VERDÚ: In this respect, the film was ahead of its time. It shows things that no one else did back then. Nobody dared.

In the final scene, the narrator tells us that Tenoch and Julio never saw each other again. Do you trust the narrator or do you think they reconnect?

LUNA: I don’t believe the narrator. I think they somehow met again. It’s hard to think they didn’t. Curiosity probably brought them together. This is what I want to believe because nothing in life is certain.

ALFONSO CUARÓN: I questioned this. At one point, Carlos and I talked about the possibility of making a movie about it. [them] but now in his forties. Unfortunately, I think it would be very sad. I have a somewhat pessimistic outlook on life. Tenoch probably followed in his father’s footsteps as a banker rather than as a politician. And I don’t think Julio has a good relationship with women. But they both have a beautiful soul and possibility to reconnect and what unites them is what is missing in their lives. Perhaps talking about the past serves as a catalyst for the second part of their life. That’s a nice way to look at it. Maybe Diego is right.

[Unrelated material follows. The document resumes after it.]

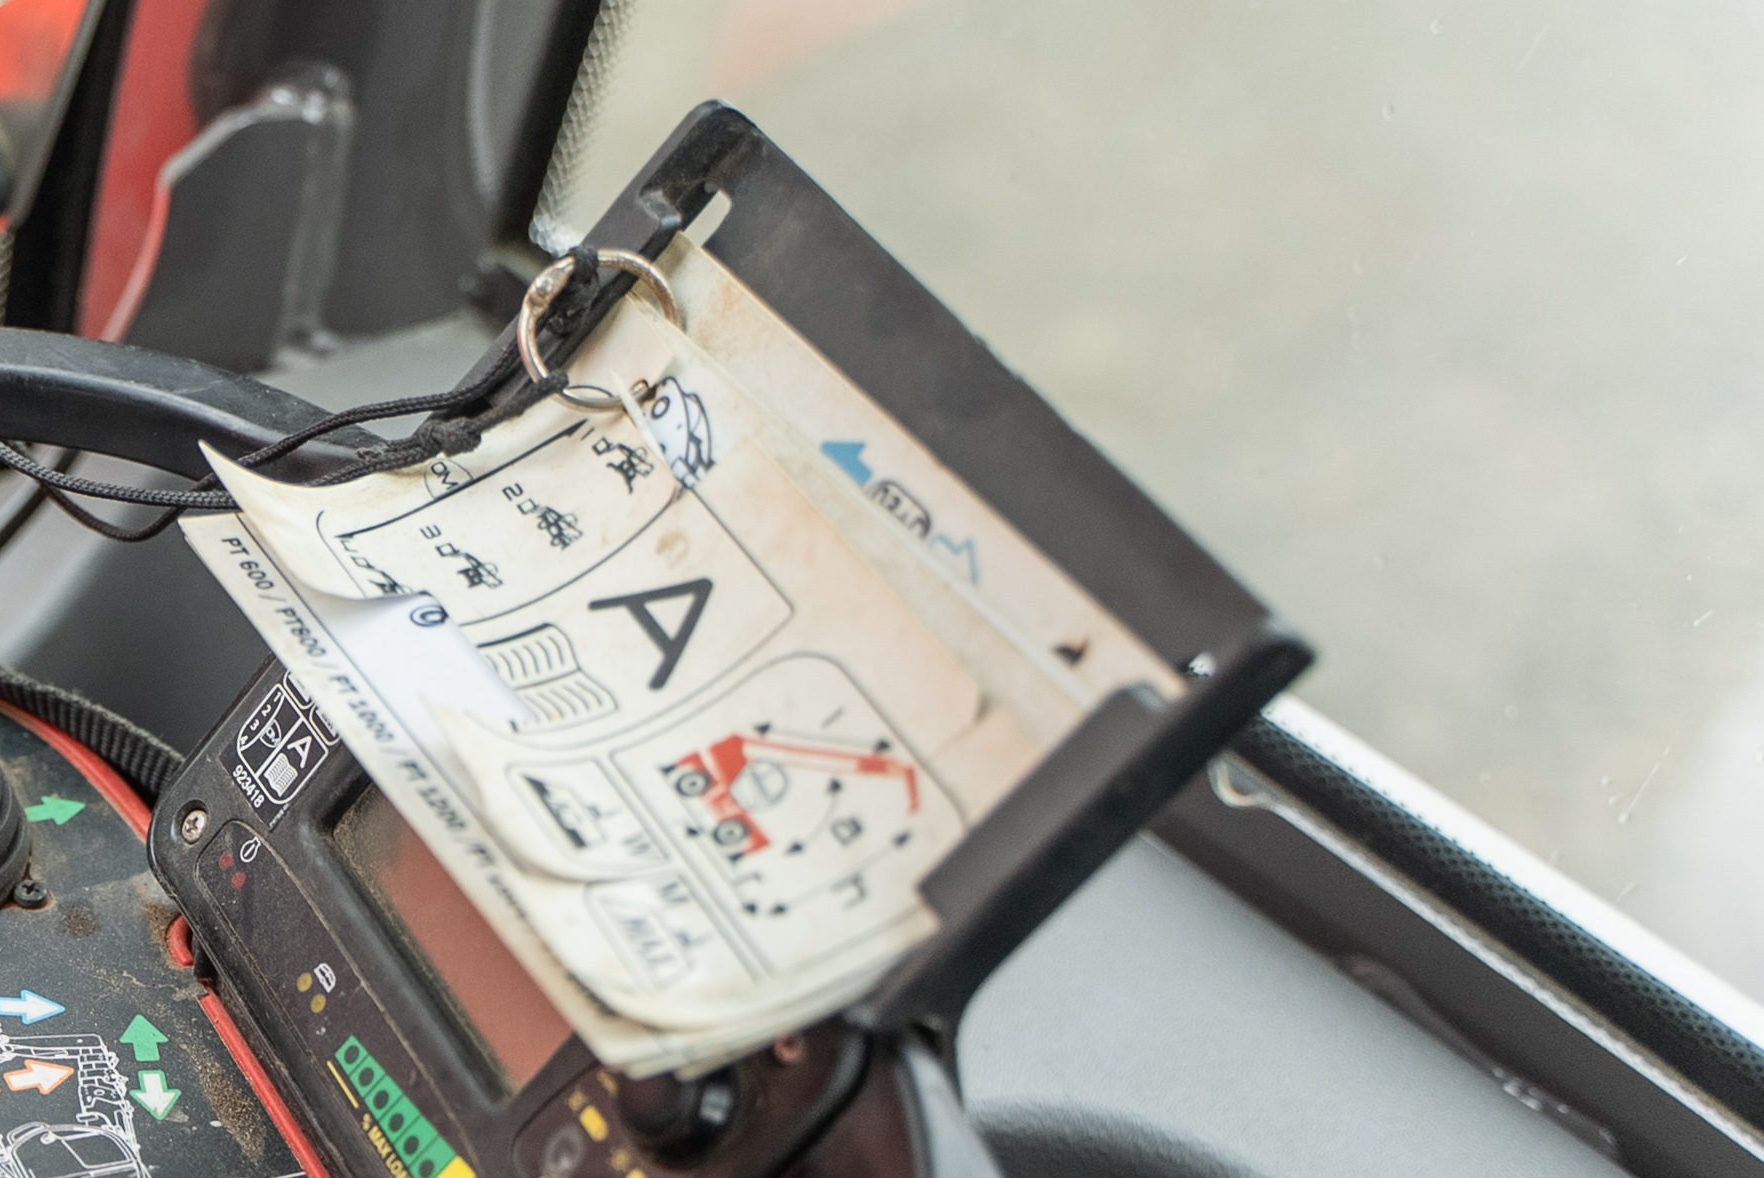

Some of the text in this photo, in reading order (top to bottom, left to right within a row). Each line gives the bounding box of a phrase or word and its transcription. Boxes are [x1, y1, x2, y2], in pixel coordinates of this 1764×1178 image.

CARLOS CUARÓN: If the narrator said that, they never saw each other again. if they [did] It probably happened by accident. I truly believe that life separates them. I don’t think they saw each other again, not because they hated each other, but because they loved each other so much.

GARCÍA BERNAL: I’m sure they will meet again, but the narrator says what his parents wanted to say. Now that we’re over 40, we need to do a merge between Julio and Tenoch.

VERDÚ: They never saw each other again. I am convinced. Their relationship was not real. For example, you see it when someone enters the other’s house and lifts the toilet lid with his foot so as not to touch it. They came from different backgrounds. They went on a trip with that Spanish woman and enjoyed it as part of their sexual awakening. He united them for the moment, then disappeared and disappeared from each other’s lives. And that’s it.